Notebook

Huggingface Sagemaker-sdk - Distributed Training Demo for `TensorFlow`¶

Distributed Data Parallelism with `transformers` and `tensorflow`¶

Introduction
Development Environment and Permissions
Processing
1. Tokenization
2. Uploading data to sagemaker_session_bucket
Fine-tuning & starting Sagemaker Training Job
Coming soon:Push model to the Hugging Face hub

Introduction¶

Welcome to our distributed end-to-end binary Text-Classification example. In this demo, we will use the Hugging Faces transformers and datasets library together with a custom Amazon sagemaker-sdk extension to fine-tune a pre-trained transformer on binary text classification. In particular, the pre-trained model will be fine-tuned using the imdb dataset. To speed upload Training we are going to use SageMaker distributed Data Parallel library to run our training distributed across multiple gpus. To get started, we need to set up the environment with a few prerequisite steps, for permissions, configurations, and so on.
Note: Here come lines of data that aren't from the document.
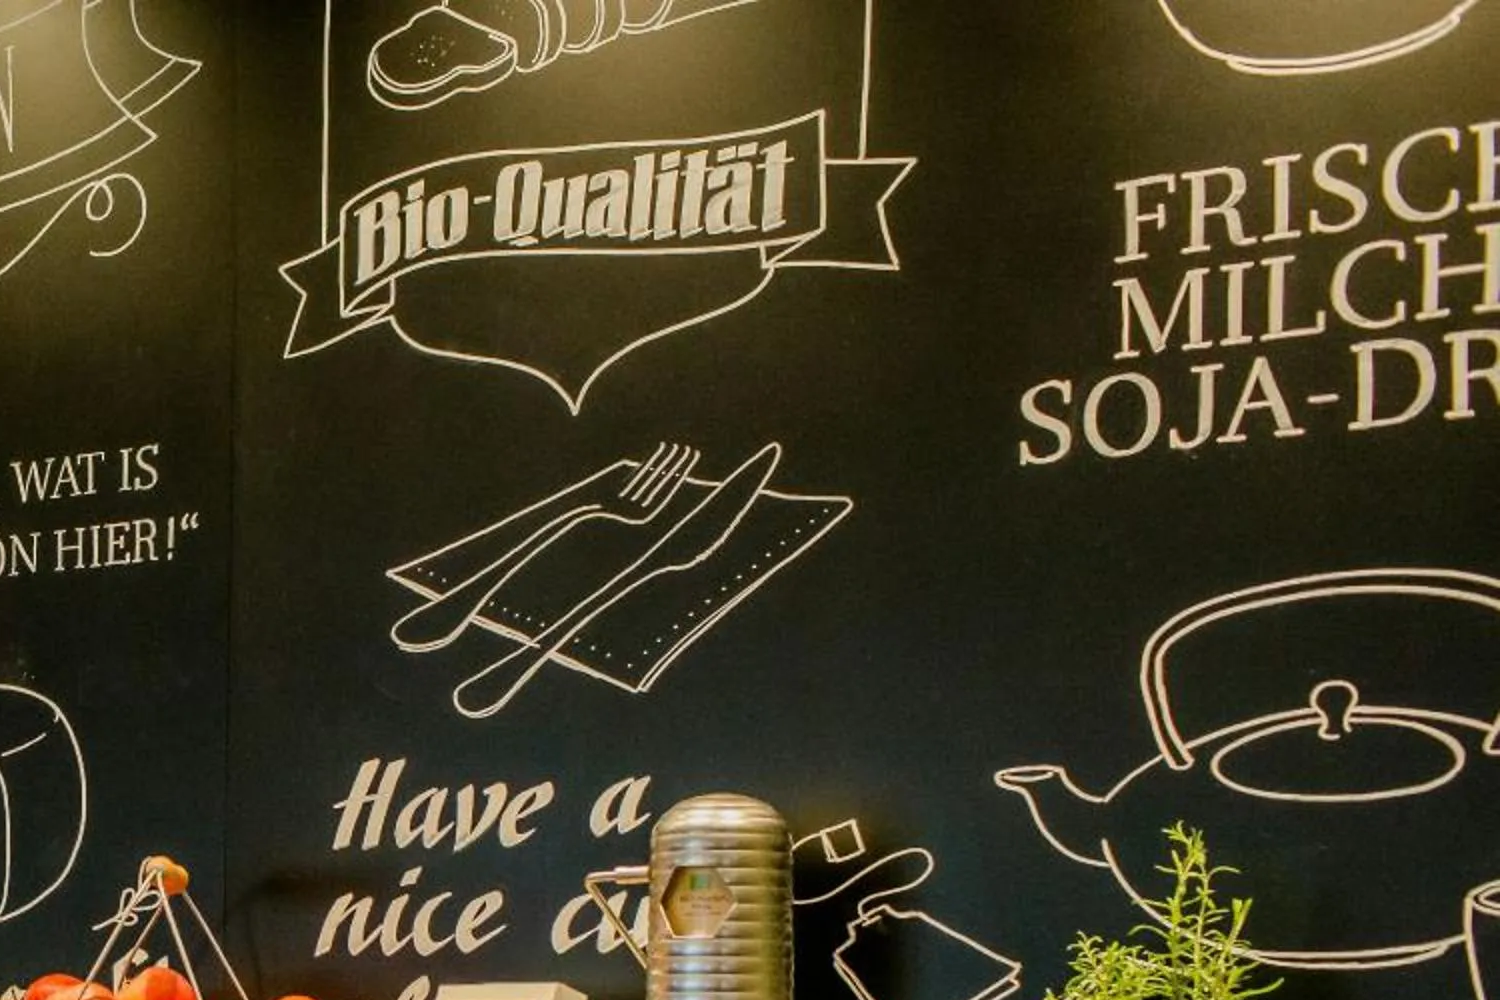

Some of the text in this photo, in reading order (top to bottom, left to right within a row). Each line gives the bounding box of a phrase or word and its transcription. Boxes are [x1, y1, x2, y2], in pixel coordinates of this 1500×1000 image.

[354, 140, 795, 286] Bio-Qualität
[10, 451, 105, 503] WAT
[118, 443, 159, 493] IS
[332, 757, 651, 852] Have a
[314, 866, 651, 957] nice cu
NOTE: You can run this demo in Sagemaker Studio, your local machine or Sagemaker Notebook Instances

Development Environment and Permissions¶

Installation¶

Note: we only install the required libraries from Hugging Face and AWS. You also need PyTorch or Tensorflow, if you haven´t it installed

In [ ]:

!pip install "sagemaker>=2.48.0" --upgrade

Development environment¶

upgrade ipywidgets for datasets library and restart kernel, only needed when prerpocessing is done in the notebook

In [2]:

%%capture
import IPython
!conda install -c conda-forge ipywidgets -y
IPython.Application.instance().kernel.do_shutdown(True) # has to restart kernel so changes are used

In [1]:

import sagemaker.huggingface

Permissions¶

If you are going to use Sagemaker in a local environment. You need access to an IAM Role with the required permissions for Sagemaker. You can find here more about it.

In [4]:

import sagemaker

sess = sagemaker.Session()
# sagemaker session bucket -> used for uploading data, models and logs
# sagemaker will automatically create this bucket if it not exists
sagemaker_session_bucket=None
if sagemaker_session_bucket is None and sess is not None:
    # set to default bucket if a bucket name is not given
    sagemaker_session_bucket = sess.default_bucket()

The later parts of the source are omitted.